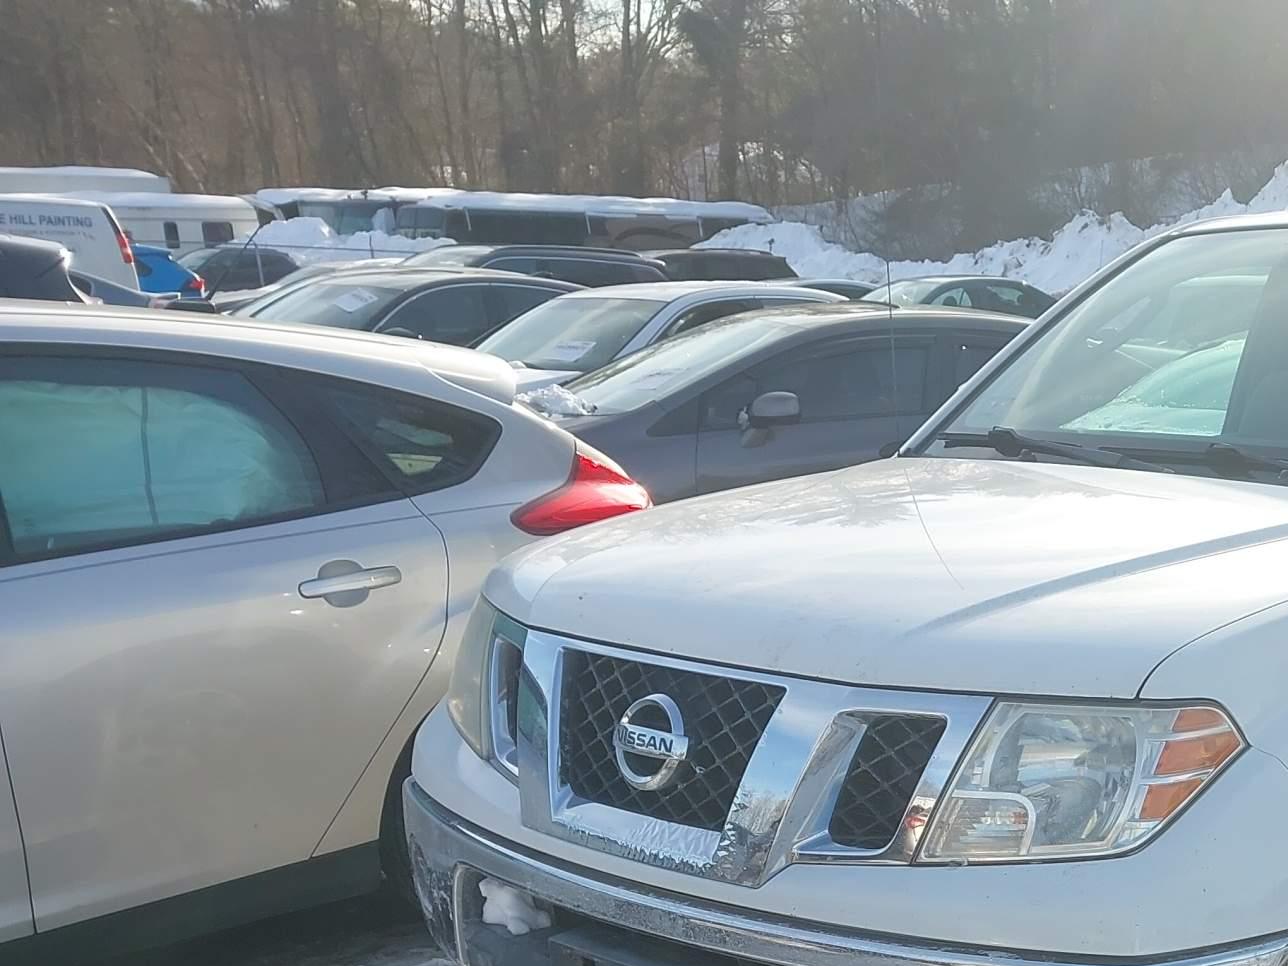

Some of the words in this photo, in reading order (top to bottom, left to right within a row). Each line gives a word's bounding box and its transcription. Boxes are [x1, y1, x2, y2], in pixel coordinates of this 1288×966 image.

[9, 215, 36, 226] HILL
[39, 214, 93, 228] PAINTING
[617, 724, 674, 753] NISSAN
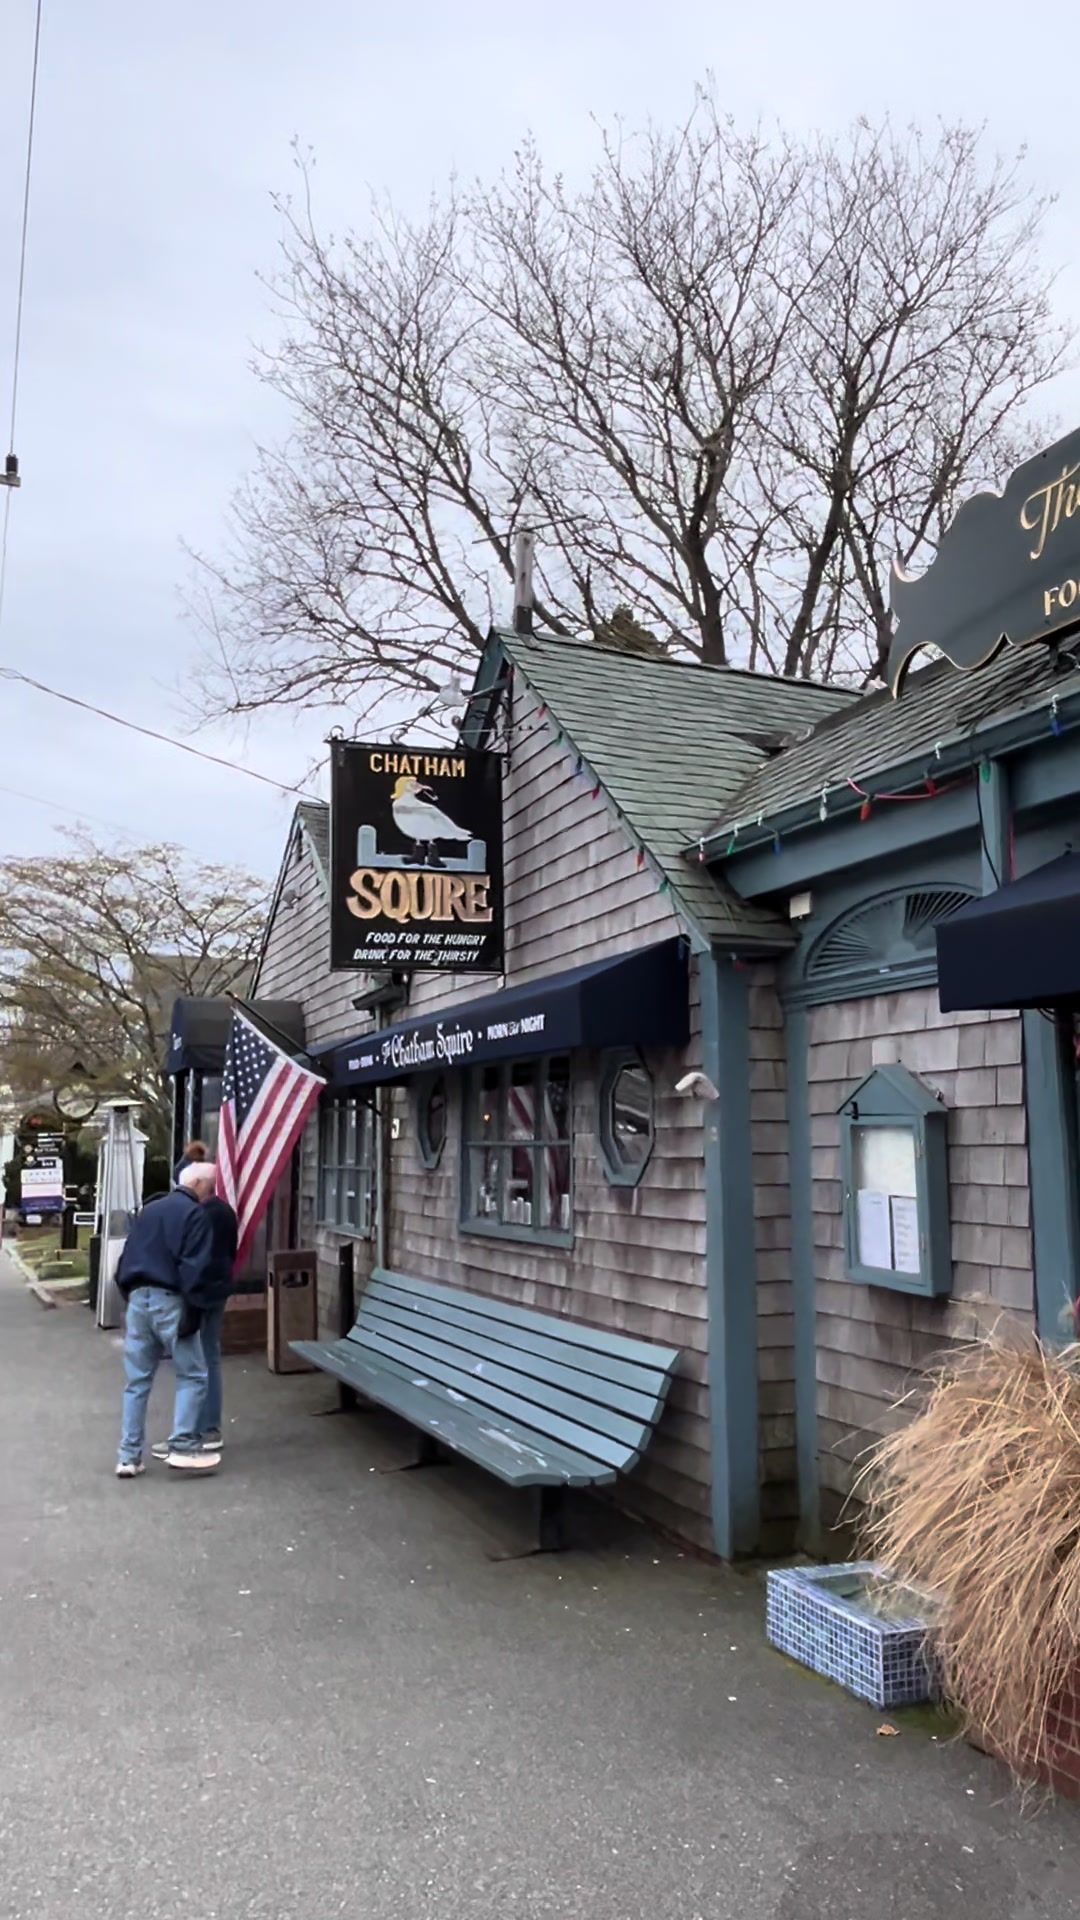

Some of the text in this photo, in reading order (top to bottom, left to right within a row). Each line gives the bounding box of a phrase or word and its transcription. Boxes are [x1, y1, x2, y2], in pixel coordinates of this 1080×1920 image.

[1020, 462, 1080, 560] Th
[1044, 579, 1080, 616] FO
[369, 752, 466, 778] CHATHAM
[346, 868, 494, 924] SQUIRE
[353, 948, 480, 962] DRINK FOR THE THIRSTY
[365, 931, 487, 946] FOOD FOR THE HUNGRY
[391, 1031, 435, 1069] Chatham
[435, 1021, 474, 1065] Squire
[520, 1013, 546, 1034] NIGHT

__What the task asks__:
Your task is to copy the entries in full and exactly, without any images.

__Response to this task__:
Some of the words in this photo, in reading order (top to bottom, left to right within a row). Each line gives a word's bounding box and its transcription. Boxes are [x1, y1, x2, y2], in pixel coordinates of this 1288×966 image.

[9, 215, 36, 226] HILL
[39, 214, 93, 228] PAINTING
[617, 724, 674, 753] NISSAN

Some of the text in this photo, in reading order (top to bottom, left to right within a row). Each line gives the bounding box of a phrase or word and its transcription. Boxes are [x1, y1, x2, y2], in pixel coordinates of this 1080×1920 image.

[1020, 462, 1080, 560] Th
[1044, 579, 1080, 616] FO
[369, 752, 466, 778] CHATHAM
[346, 868, 494, 924] SQUIRE
[353, 948, 480, 962] DRINK FOR THE THIRSTY
[365, 931, 487, 946] FOOD FOR THE HUNGRY
[391, 1031, 435, 1069] Chatham
[435, 1021, 474, 1065] Squire
[520, 1013, 546, 1034] NIGHT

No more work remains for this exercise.